Vaccinazioni
09 Febbraio 2026La vaccinazione con il vaccino vivo attenuato contro l’herpes zoster è associata a una riduzione dell’incidenza di demenza negli adulti over 70, suggerendo un possibile effetto protettivo sul declino cognitivo oltre ai noti benefici nella prevenzione delle complicanze infettive

La demenza rappresenta una delle principali cause di disabilità e perdita di autonomia nella popolazione anziana. Diversi studi indicano che infezioni virali neurotrope, come il virus varicella-zoster, possano contribuire a neuroinfiammazione, accumulo di β-amiloide e danno vascolare cerebrale. Poiché la vaccinazione è in grado di ridurre la riattivazione virale e modulare la risposta immunitaria, uno studio quasi-sperimentale condotto in Canada ha valutato se l’accesso al vaccino contro l’herpes zoster potesse offrire una protezione indiretta anche a livello cerebrale.
L’analisi ha incluso oltre 230.000 anziani seguiti per circa 5 anni e mezzo. Durante il follow-up, i soggetti eleggibili alla vaccinazione hanno mostrato una probabilità significativamente inferiore di ricevere una nuova diagnosi di demenza rispetto ai non eleggibili. In termini assoluti, il rischio si è ridotto di circa 2 punti percentuali, dato rimasto stabile in numerose analisi di sensibilità, condotte variando i modelli statistici, i periodi di osservazione e i criteri di inclusione.
L’effetto protettivo è apparso più evidente nelle donne, che hanno registrato una riduzione più marcata delle diagnosi rispetto agli uomini; tuttavia, l’interazione tra sesso ed effetto del vaccino non ha raggiunto una significatività statistica formale.
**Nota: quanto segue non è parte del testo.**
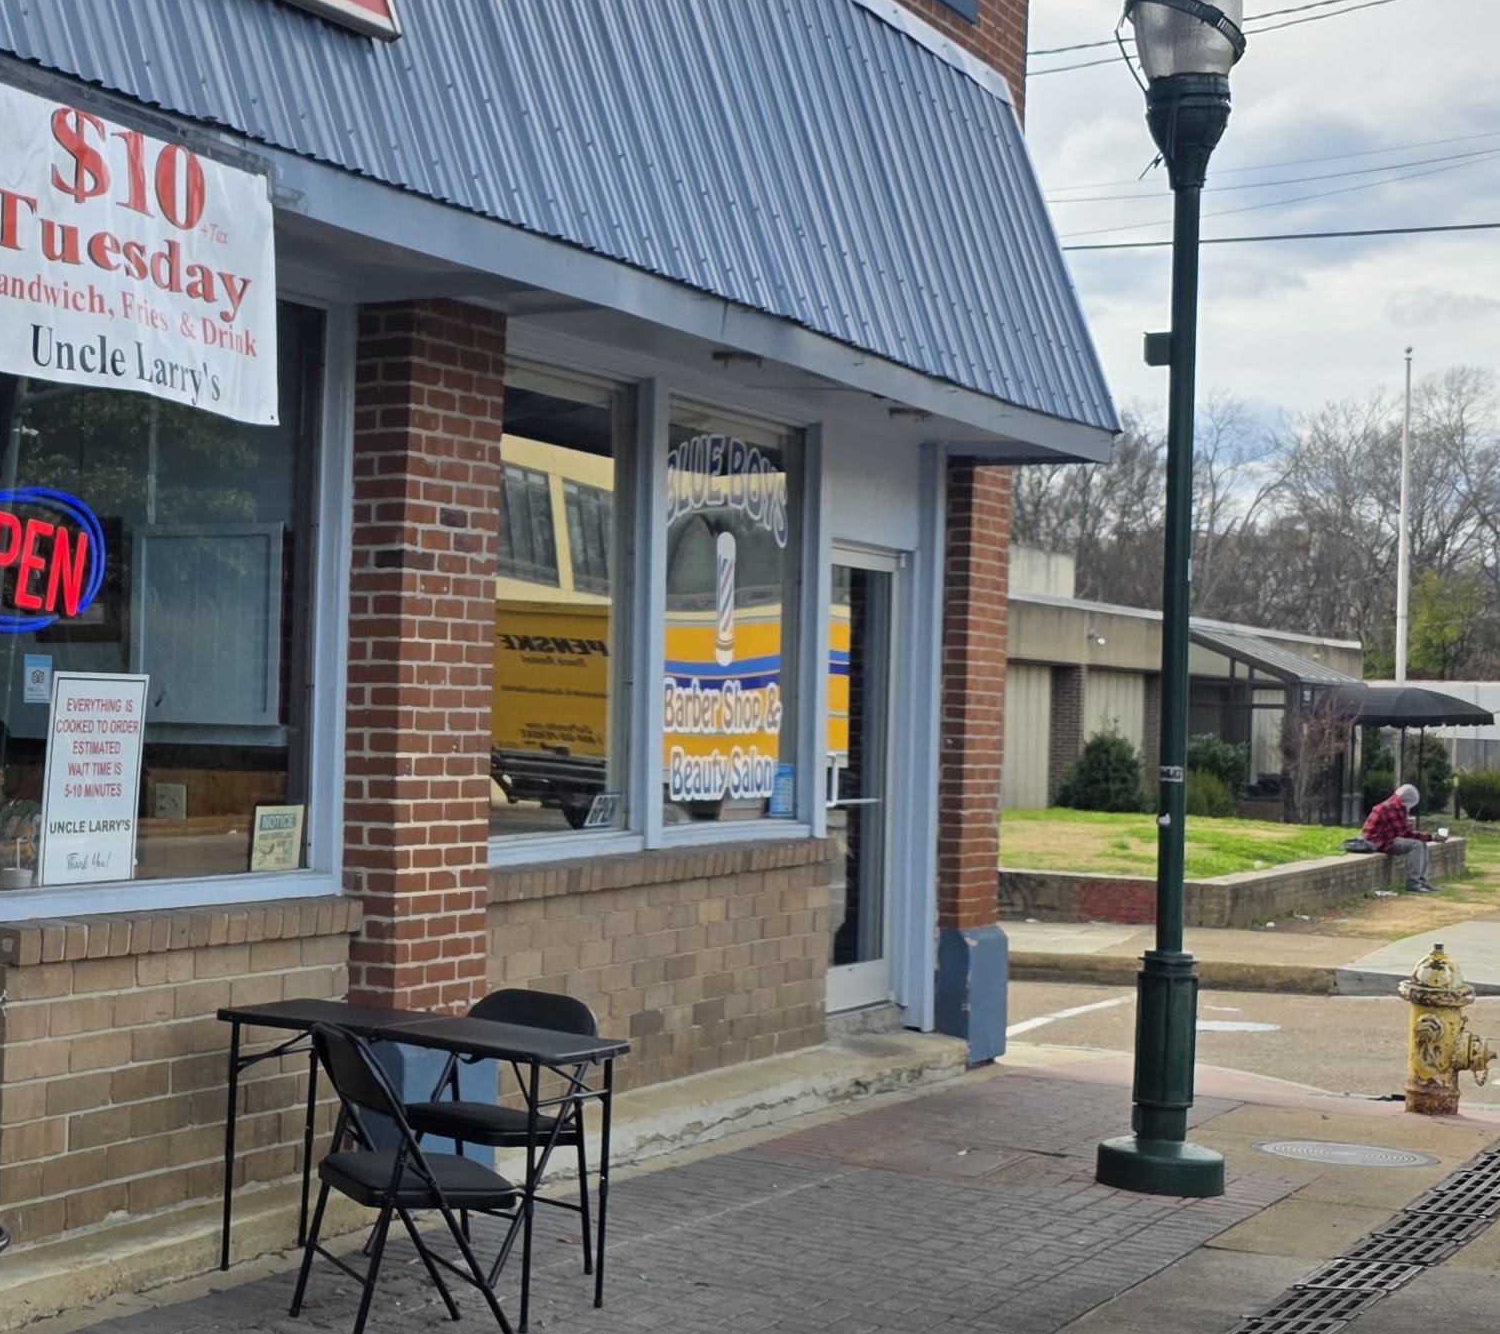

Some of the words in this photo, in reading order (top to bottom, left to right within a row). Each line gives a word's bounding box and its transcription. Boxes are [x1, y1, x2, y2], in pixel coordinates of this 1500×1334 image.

Nel complesso, le caratteristiche cliniche di base (comorbidità, farmaci, condizioni cardiovascolari o metaboliche) risultavano sovrapponibili tra i gruppi, suggerendo che i benefici osservati non fossero attribuibili a differenze preesistenti nello stato di salute.
La protezione potrebbe derivare sia dalla riduzione delle riattivazioni del virus varicella-zoster, con conseguente minore neuroinfiammazione e danno vascolare cerebrale, sia da effetti immunomodulatori indotti dal vaccino, capaci di rafforzare la risposta immunitaria sistemica e la resilienza neuro-immune.
Lo studio presenta alcune limitazioni, tra cui la durata relativamente breve del follow-up e l’impossibilità di valutare direttamente i meccanismi biologici o i cambiamenti del microbiota e dell’infiammazione cerebrale. Saranno pertanto necessari studi randomizzati e osservazioni a più lungo termine per confermare l’entità e la durata del beneficio e chiarire i meccanismi causali coinvolti.